Belgian soldiers patrol on Brussels Grand Place after security was tightened in Belgium following the fatal attacks in Paris on Friday, in Brussels, Belgium, November 20, 2015. REUTERS/Yves Herman - RTS83UQ

di Mauro Cugola

“O santa pace, come starà Ennio?”… “Gli sarà successo qualcosa?”. Neanche il tempo di venire a conoscenza, dalla radio, dei due tragici attacchi terroristici di Bruxelles di martedì 22 marzo che il pensiero è immediatamente andato ad un vecchio amico di Nettuno che vive lì da qualche tempo. Ci legano tanti pomeriggi e serate trascorse insieme, una comune militanza, un bel po’ di episodi vissuti insieme da tirar fuori all’occorrenza quando lui decide di tornare giù per un po’.

Già, perché Ennio Mellone da dieci anni ha deciso di piantare le tende nella capitale belga. Ecco perché il pensiero è andato immediatamente a lui. Per fortuna che prima è arrivata una sua condivisione sui social dicendo che era tutto a posto, quindi addirittura due dichiarazioni su scala nazionale (una rilasciata al Tg5 e una seconda al Fatto Quotidiano, troppa grazia…) ci hanno tranquillizzato.

Passata dunque la comprensibile paura, invece che i soliti opinionisti d’accatto chi meglio di lui (che vive a Bruxelles) è in grado di spiegarci quale era il clima prima e dopo gli attentati di Parigi, e quello attuale con la capitale belga praticamente sotto assedio.

Da quanti anni vivi a Bruxelles?

Il 25 aprile saranno 10 anni esatti, ma a Bruxelles sono legato da quasi 20 per via di mia sorella che vi si era trasferita. Ho frequentato un corso di francese, e la prima volta che sono venuto qui avevo poco più di 20 anni. Dopo la laurea avevo intenzione di fare un po’ di pratica con l’insegnamento. Attualmente sono un insegnante free lance di lingua italiana. Con un altro collega abbiamo messo su una Onlus e organizziamo corsi nei locali che ci mettono a disposizione le amministrazioni pubbliche, ma principalmente i miei clienti sono le istituzioni.

Quanto è estesa la comunità araba e musulmana in Belgio?
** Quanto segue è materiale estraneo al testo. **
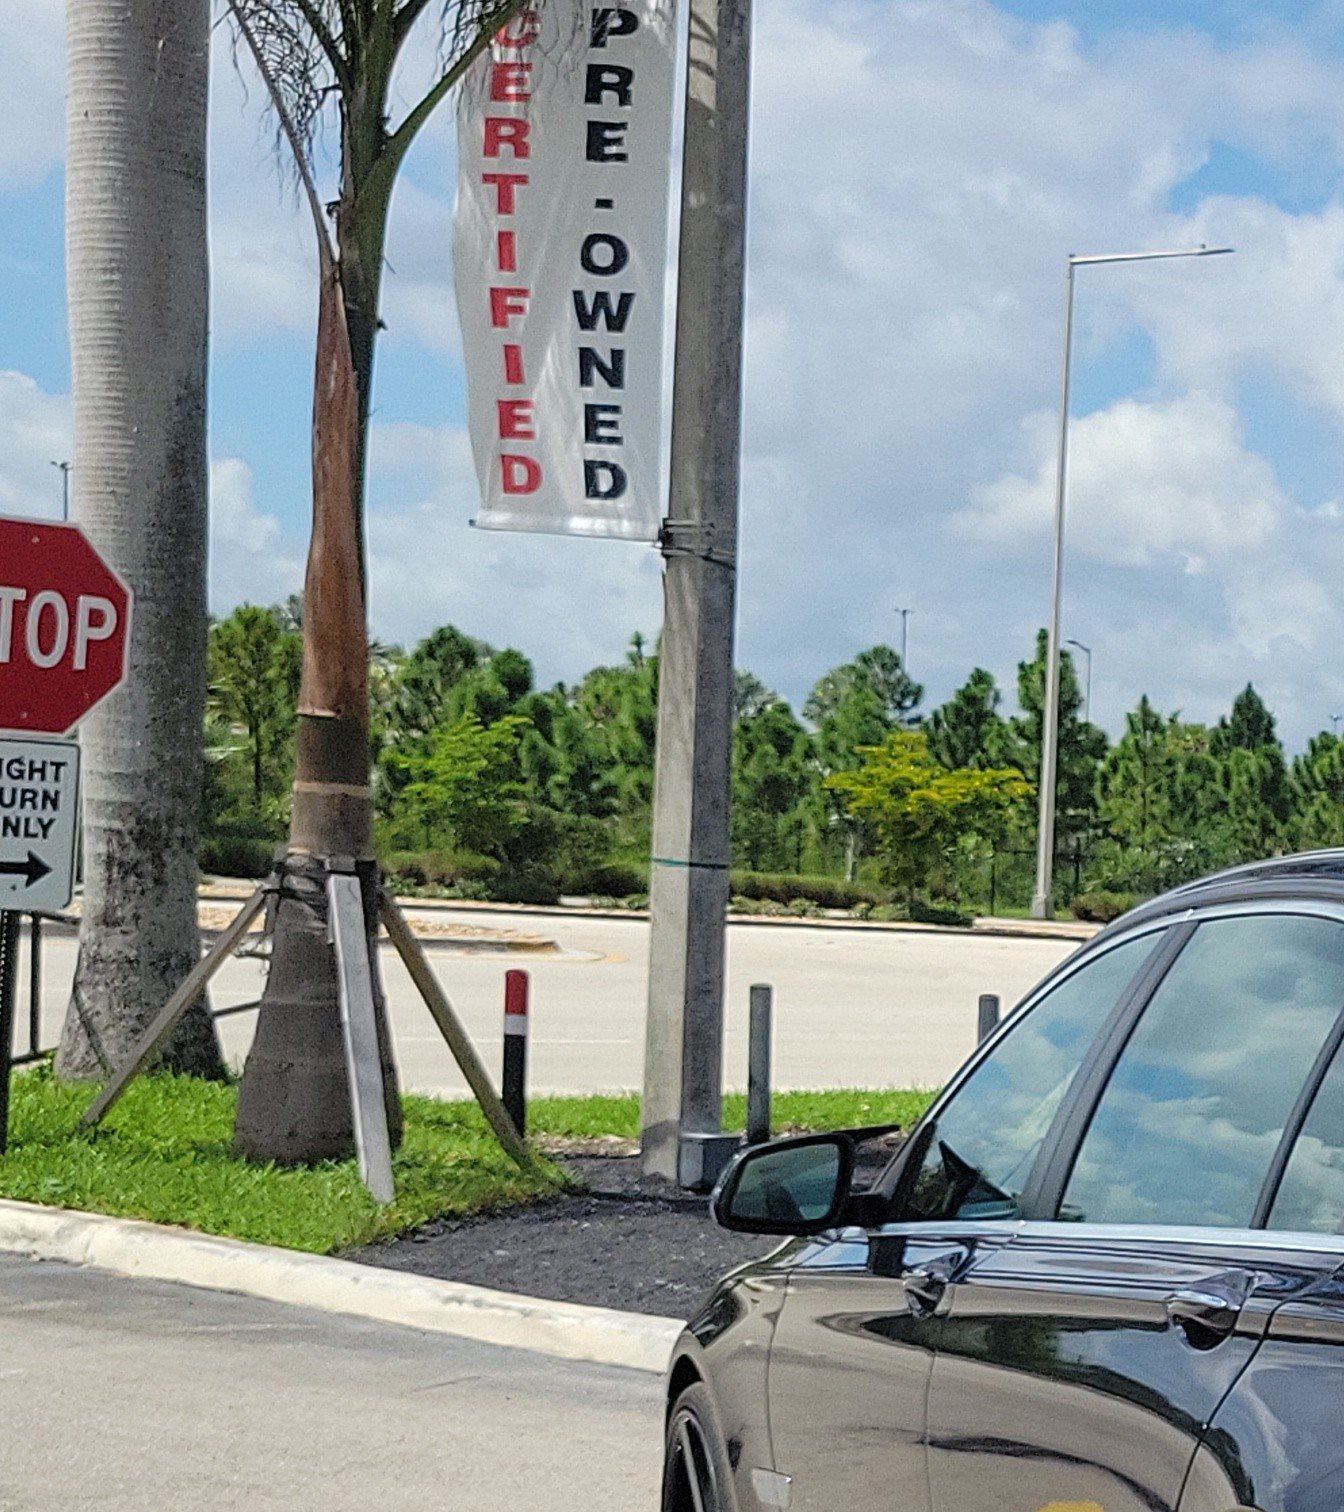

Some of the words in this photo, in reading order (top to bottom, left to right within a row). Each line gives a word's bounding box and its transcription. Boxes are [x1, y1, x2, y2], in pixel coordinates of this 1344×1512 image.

La mia tesi fu sulla comunità del nostro paese proprio qui a Bruxelles, e a quei tempi la testa della classifica a livello di quantità se lo dividevano quella italiana e quella marocchina.

Sono integrati?

La domanda più giusta sarebbe capire cosa significa oggi integrazione… Anche io interagisco con la gente del posto, ma alla fine la cerchia di amici uno se la crea nella propria comunità. Con un distinguo importante, però. Gli italiani qui sono arrivati molti anni fa, decenni addirittura, e i loro genitori in casa parlavano francese mettendo l’italiano da parte, perché non era una lingua per così dire utile. Tanto che ora i figli ed i nipoti praticamente non lo conoscono. Con la comunità araba non è stata la stessa cosa, parlano perfettamente la lingua del posto e anche altre, ma seppur siano di seconda o terza generazione si esprimono perfettamente in arabo.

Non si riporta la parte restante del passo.